Even in the busiest of seasons, smaller games deserve some attention. In that spirit, welcome to Month of Coverage Club. Come back each day in November for a full-length impressions piece based on a hidden gem you've probably never heard of.
I love the idea of Final Fantasy XV Pocket Edition. It's a really cool way to try and take a massive AAA release and rework it for mobile phones. I don't understand Final Fantasy XV Pocket Edition HD. With the exception of the Nintendo Switch version, since there's no way the full game could run on it, I don't understand why you'd buy this version of the game. Maybe, however, I'm just missing something. In this spirit, I grabbed my PlayStation and gave it an honest shot.
The game follows the story of Prince Noctis and his three best friends. Set to marry Lunafreya, Noctis is on a road trip to meet her. Along the way, the Niflheim empire attacks his home city of Insomnia, which leaves Noctis cut off from his home and Lunafreya. Circumstances force the young prince to grow up rather quickly as he attempts to reunite with his bride to be. If you've played Final Fantasy XV then you already know the story. Pocket Edition HD serves almost like a SparkNotes version of it, hitting all of the important plot points while cutting out the fluff.
As far as the actual story goes, it's perfectly okay. Cutting out the fluff does make the general story flow better, but Final Fantasy XV's story always suffered from its refusal to take its eye off of Noctus. Often, super important plot events happen off screen and you only hear about them after the fact from other characters. Final Fantasy XV had DLC to explain these events at the very least. Pocket Edition never got that, so you notice these gaps throughout. Still, I was always entertained by Noctus' tale and found this to be a good retelling of it.

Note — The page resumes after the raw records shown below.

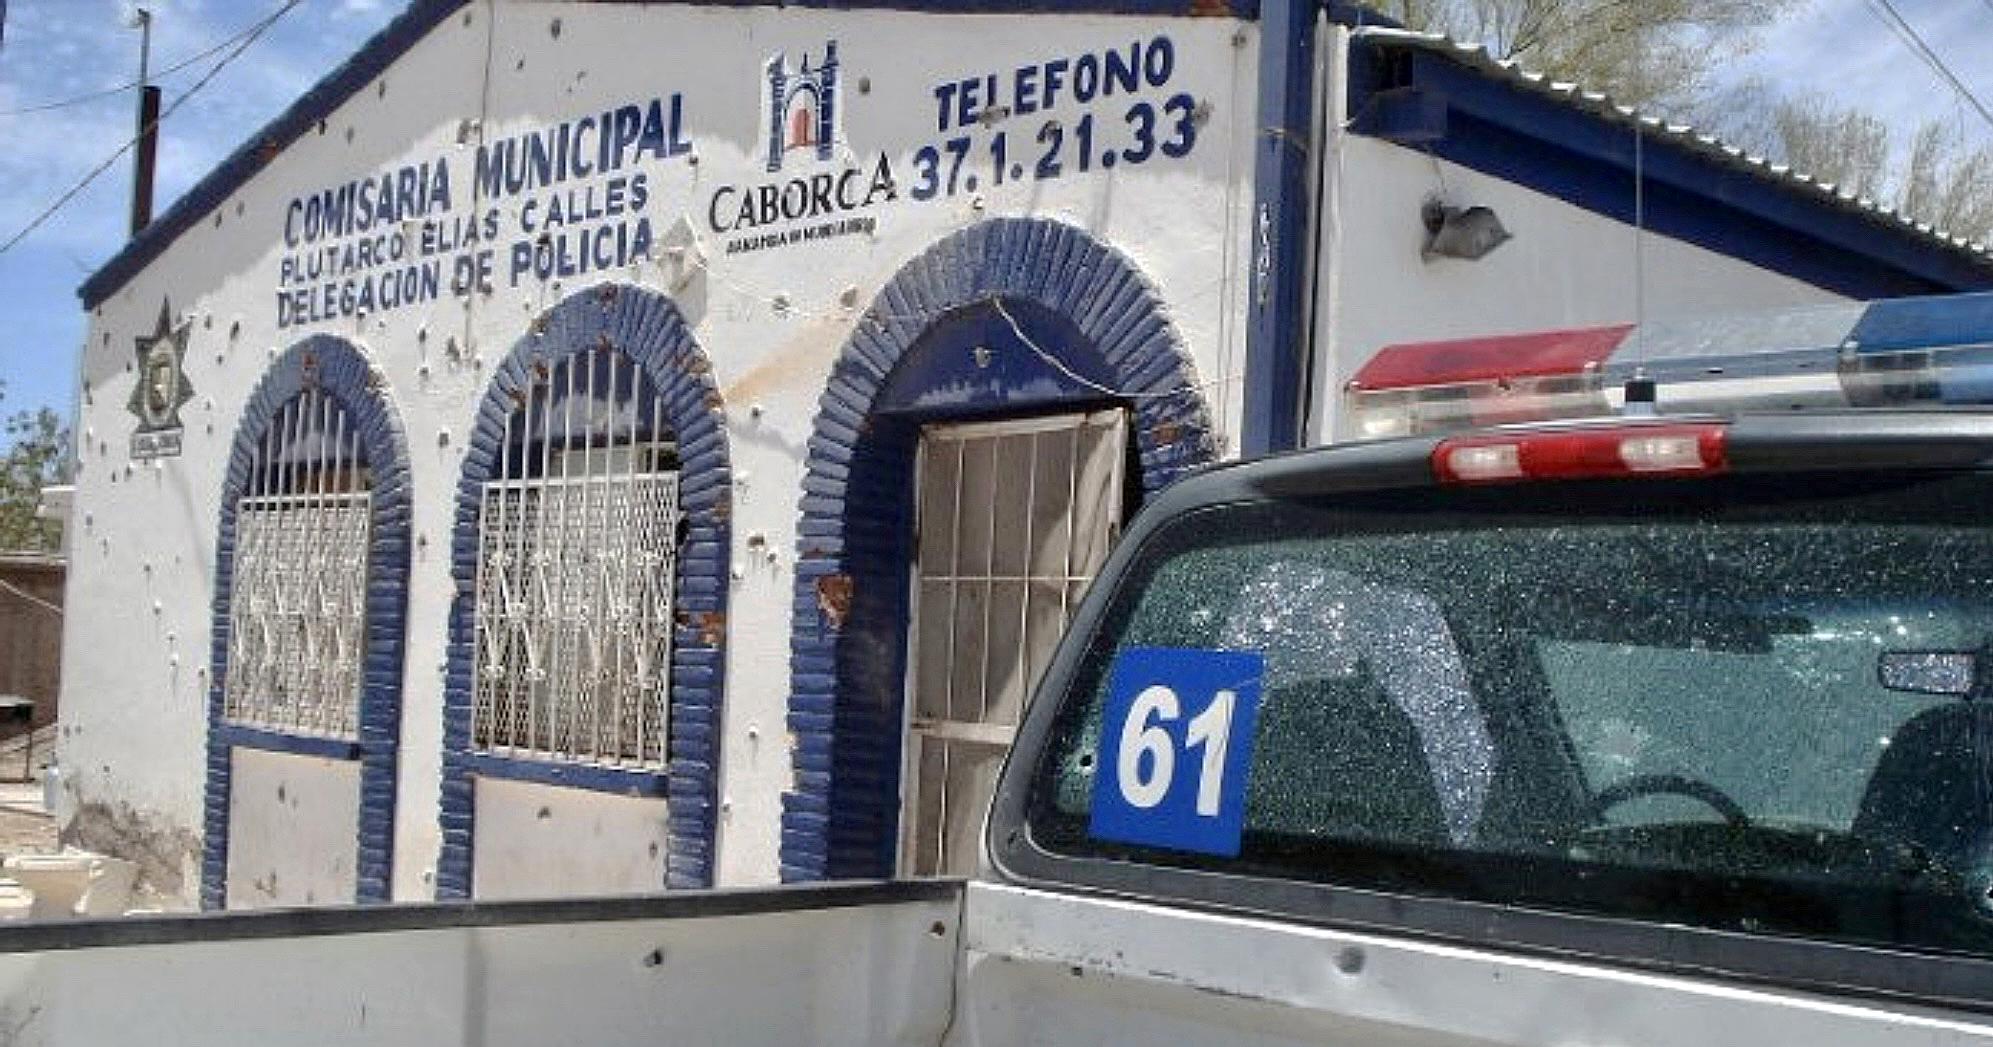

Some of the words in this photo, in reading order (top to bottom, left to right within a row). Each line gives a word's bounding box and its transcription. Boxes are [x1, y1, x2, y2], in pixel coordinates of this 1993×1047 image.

[934, 36, 1174, 133] TELEFONO
[285, 157, 450, 248] COMISARIA
[477, 91, 693, 198] MUNICIPAL
[709, 150, 897, 233] CABORCA
[277, 260, 440, 328] DELEGACION
[451, 250, 494, 296] DE
[511, 217, 653, 287] POLICIA
[281, 231, 404, 287] PLUTARCO
[421, 208, 499, 256] ELIAS
[521, 173, 648, 232] CALLES
[1118, 684, 1236, 817] 61
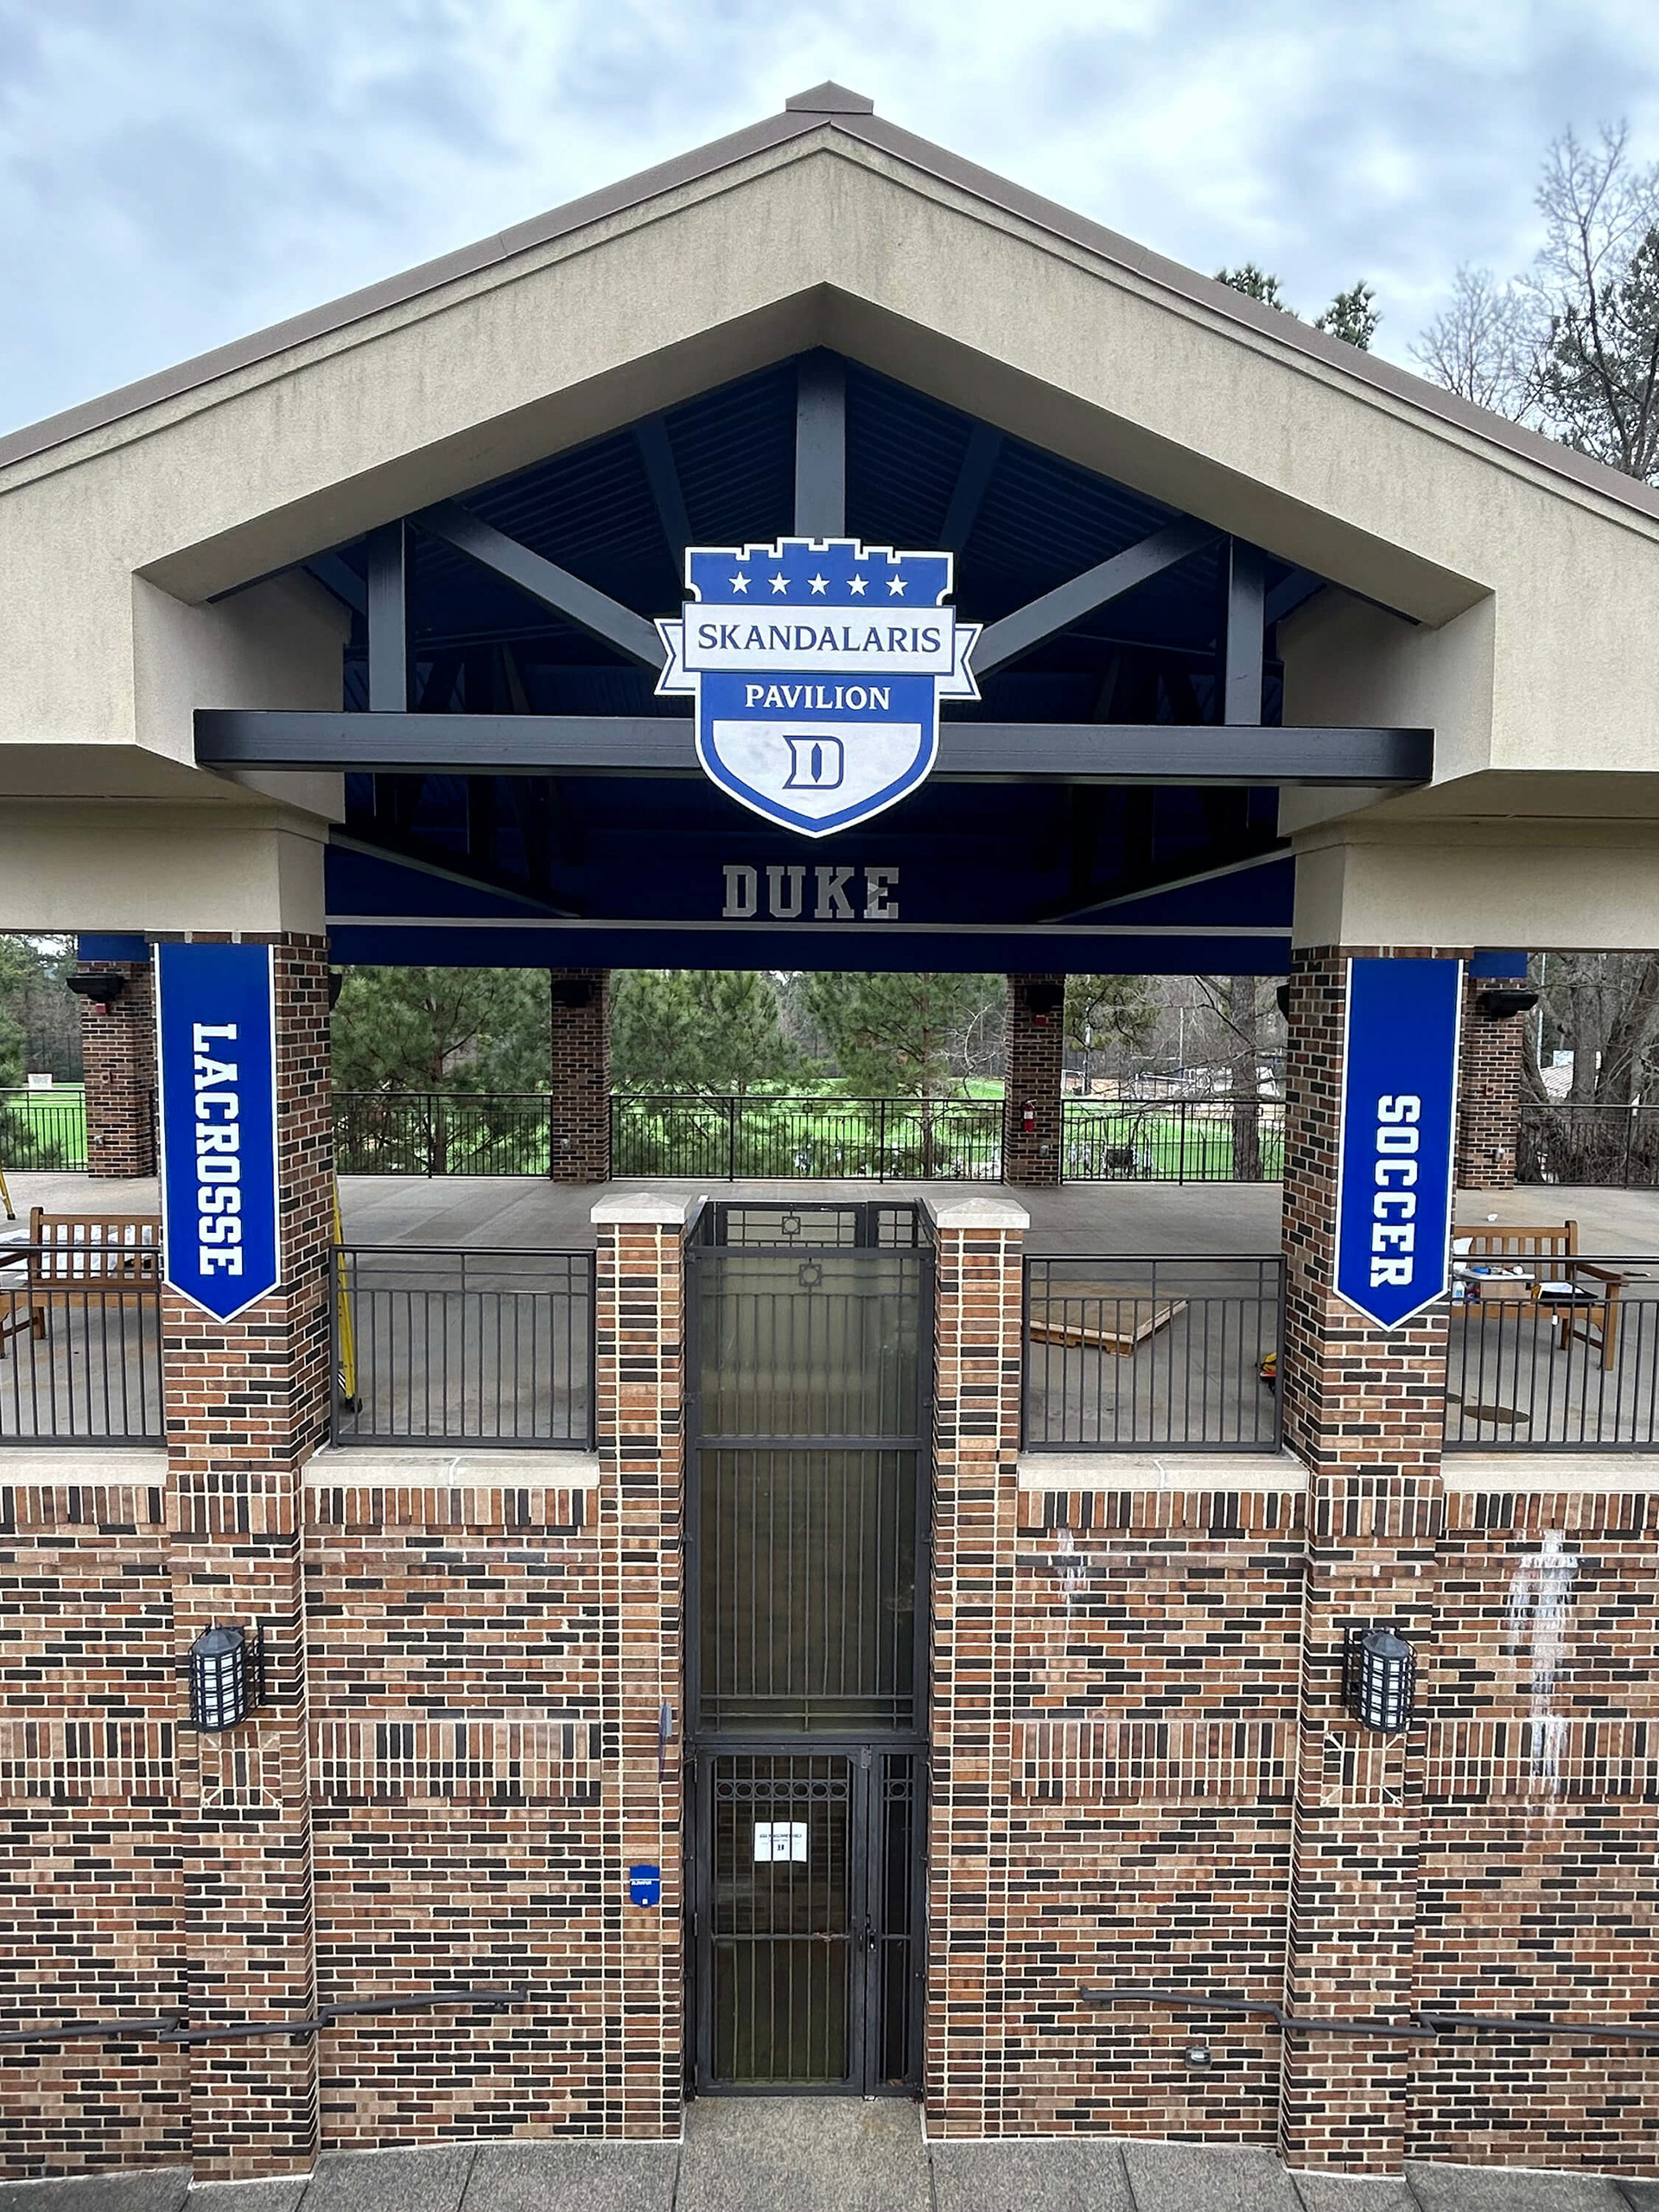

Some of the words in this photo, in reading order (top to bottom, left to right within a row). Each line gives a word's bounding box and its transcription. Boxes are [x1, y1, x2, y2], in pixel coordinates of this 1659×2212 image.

[697, 623, 942, 653] SKANDALARIS
[745, 683, 891, 710] PAVILION
[722, 865, 899, 919] DUKE
[193, 1022, 243, 1275] LACROSSE
[1370, 1095, 1421, 1287] SOCCER
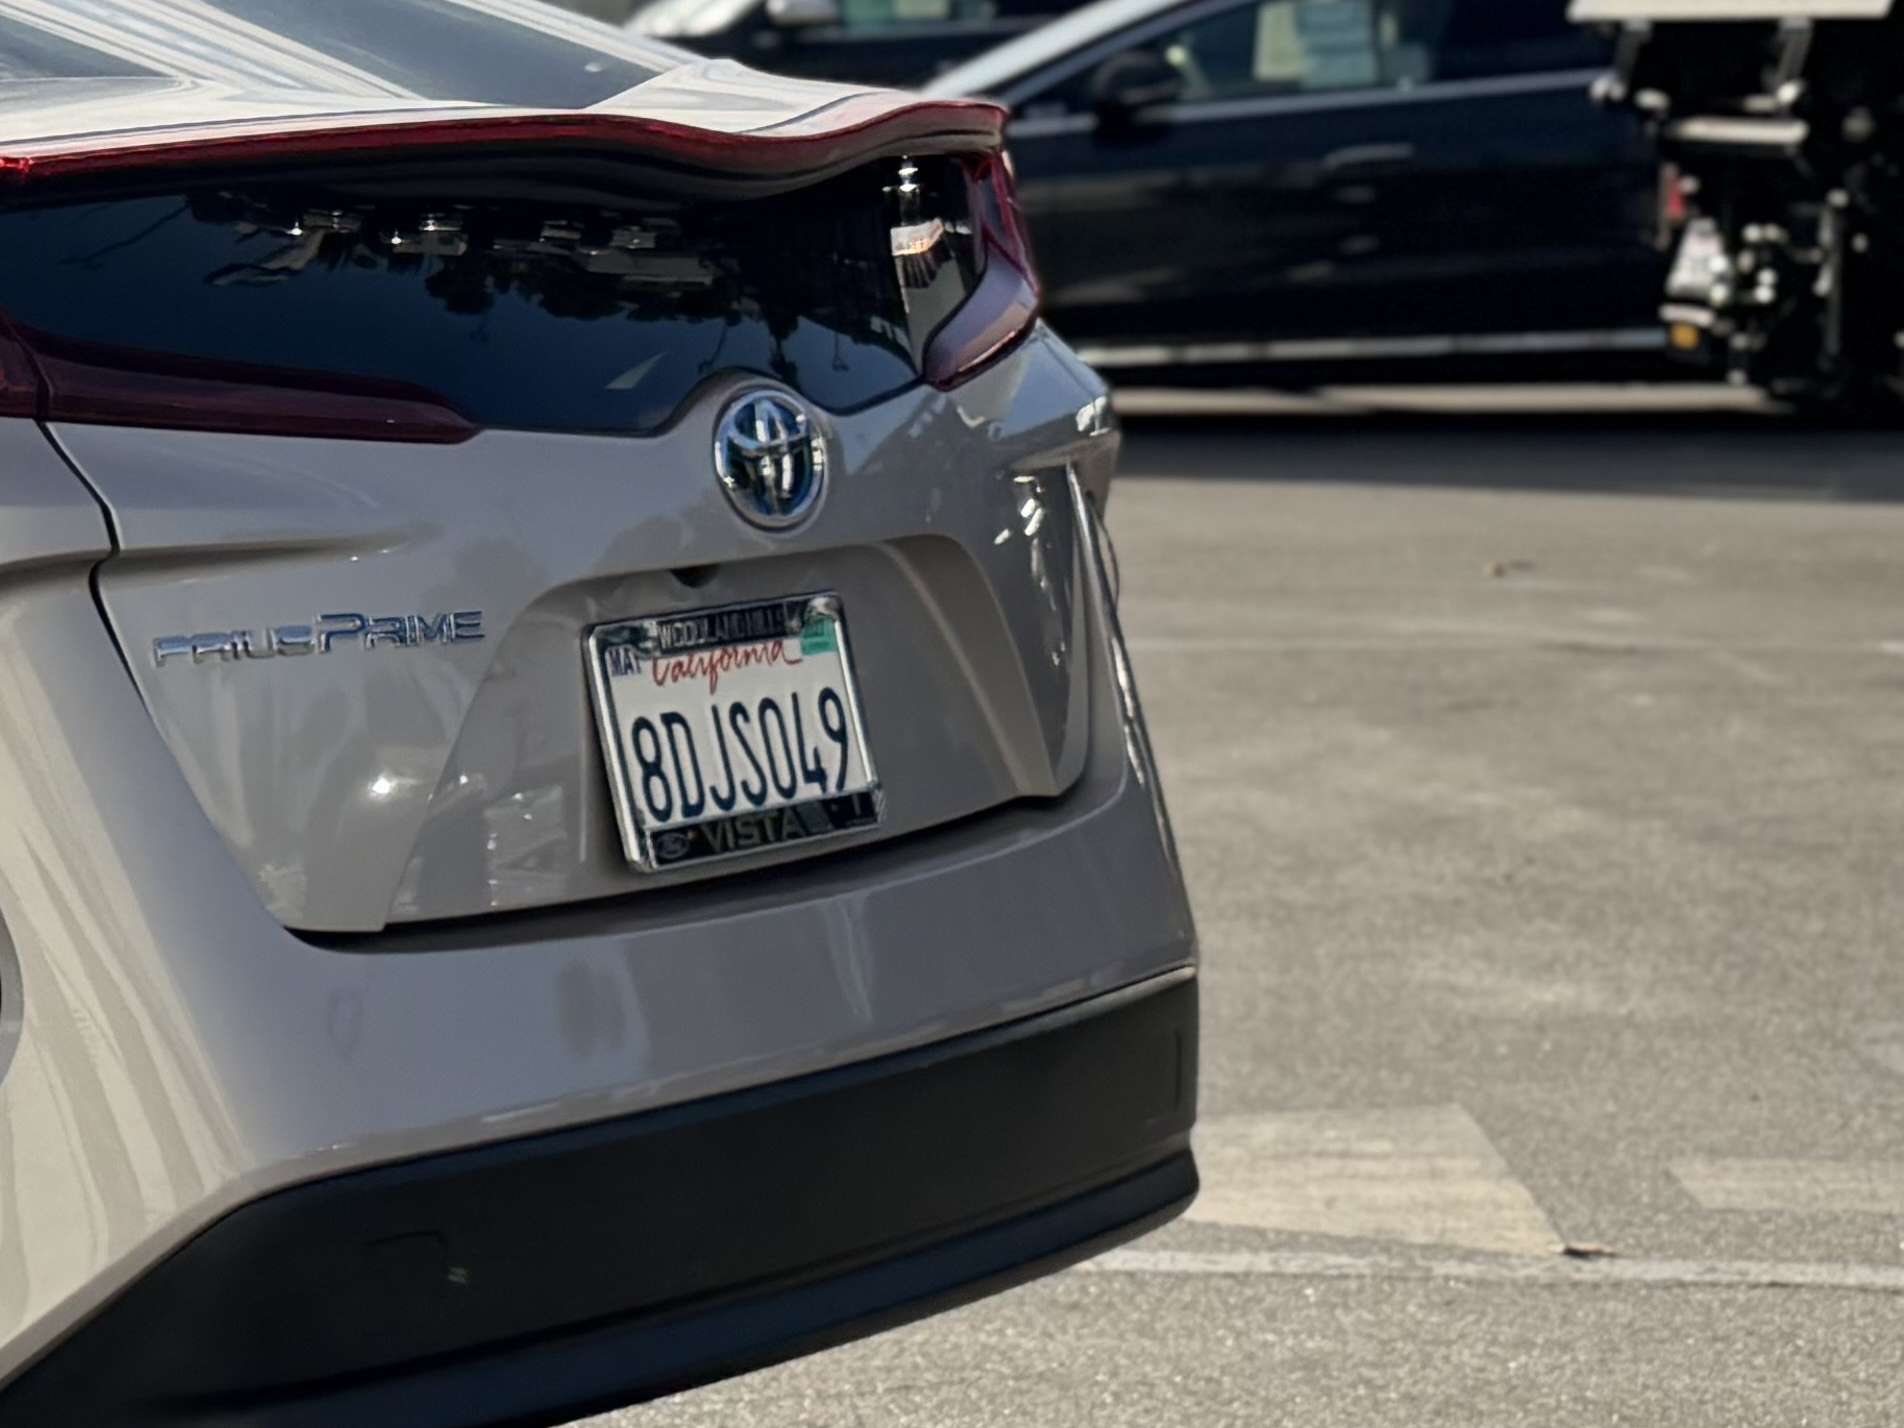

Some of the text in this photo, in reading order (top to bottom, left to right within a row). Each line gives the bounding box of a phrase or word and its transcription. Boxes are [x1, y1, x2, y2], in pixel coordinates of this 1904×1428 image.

[652, 639, 802, 695] California
[631, 686, 849, 823] 8DJS049
[702, 808, 804, 853] VISTA

Funny enough, I can say the same about the gameplay. First off, Pocket Edition HD chooses to do away with Final Fantasy XV's signature open world. Instead, each level is like a dungeon. You have to get to a certain endpoint and defeat enemies along the way. Combat plays like a simplified version of the main game. Noctis can choose one of three weapons (his choices have been reduced to sword, greatsword, or spear) and will attack as long as you hold down the attack button. Another button will spend a little MP to warp to and strike an enemy. Sometimes you'll get a quick time event that lets you dodge attacks, counter-attack, or ask one of your buddies to use a special ability.
It's all perfectly serviceable but lacks the oomph that Final Fantasy XV had. The loss of warping around the battlefield is noticeable and sorely missed. The fact that you're restricted to a single plane that you can't move off of doesn't help matters either. Magic reduces down to a one-use power-up that you sometimes find in dungeons, and you can't order your team around at all. Despite the simplification, I still found some fun in the combat. I enjoyed having to switch weapons as the situation required and use dodge rolls to avoid enemy attacks. It just doesn't hold a candle to the main game at all.
If there's a feature in Final Fantasy XV then there's a solid 50/50 chance it was either cut or brought over but simplified. Ignis' cooking is probably one of the best examples. In Final Fantasy XV, Ignis would learn new recipes around the world and you could find ingredients to make these recipes and give your party a temporary passive boost. Here, Ignis' cooking is a side quest, with each dungeon or town having some ingredients that you can find. If you find them all, you get some XP and the whole thing plays out like finishing a quest. On the other hand, Prompto's ability to take pictures is just cut. I haven't seen any sign of Noctis' love of fishing either.
A frankly hilarious chibi art style wraps around the entire game. Each character's features overexaggerate to comical proportions, often gaining things like permanent angry eyebrows. The soundtrack comes straight from the original game, which makes sense but also feels ill-fitting. It's hard to take a screaming choir very seriously when it's a bunch of chibi characters performing the action. All the voice acting also transfers from the original release, and it shows at times. Especially when they cut and stitch together lines to work for the more streamlined plot.
Look, if you own a Nintendo Switch then I can sort of understand why Final Fantasy XV Pocket Edition HD would appeal to you. Bluntly, it's the only version of the game that will be on that console. If you have a PlayStation 4 or Xbox One, however, I just don't get it. Final Fantasy XV does everything that Pocket Edition HD does but better, so just get that instead. Not that Pocket Edition HD is bad, it's just unnecessary.
TechRaptor covered Final Fantasy XV Pocket Edition HD on PlayStation 4 using a copy provided by the publisher. The game is also available on Xbox One and Nintendo Switch.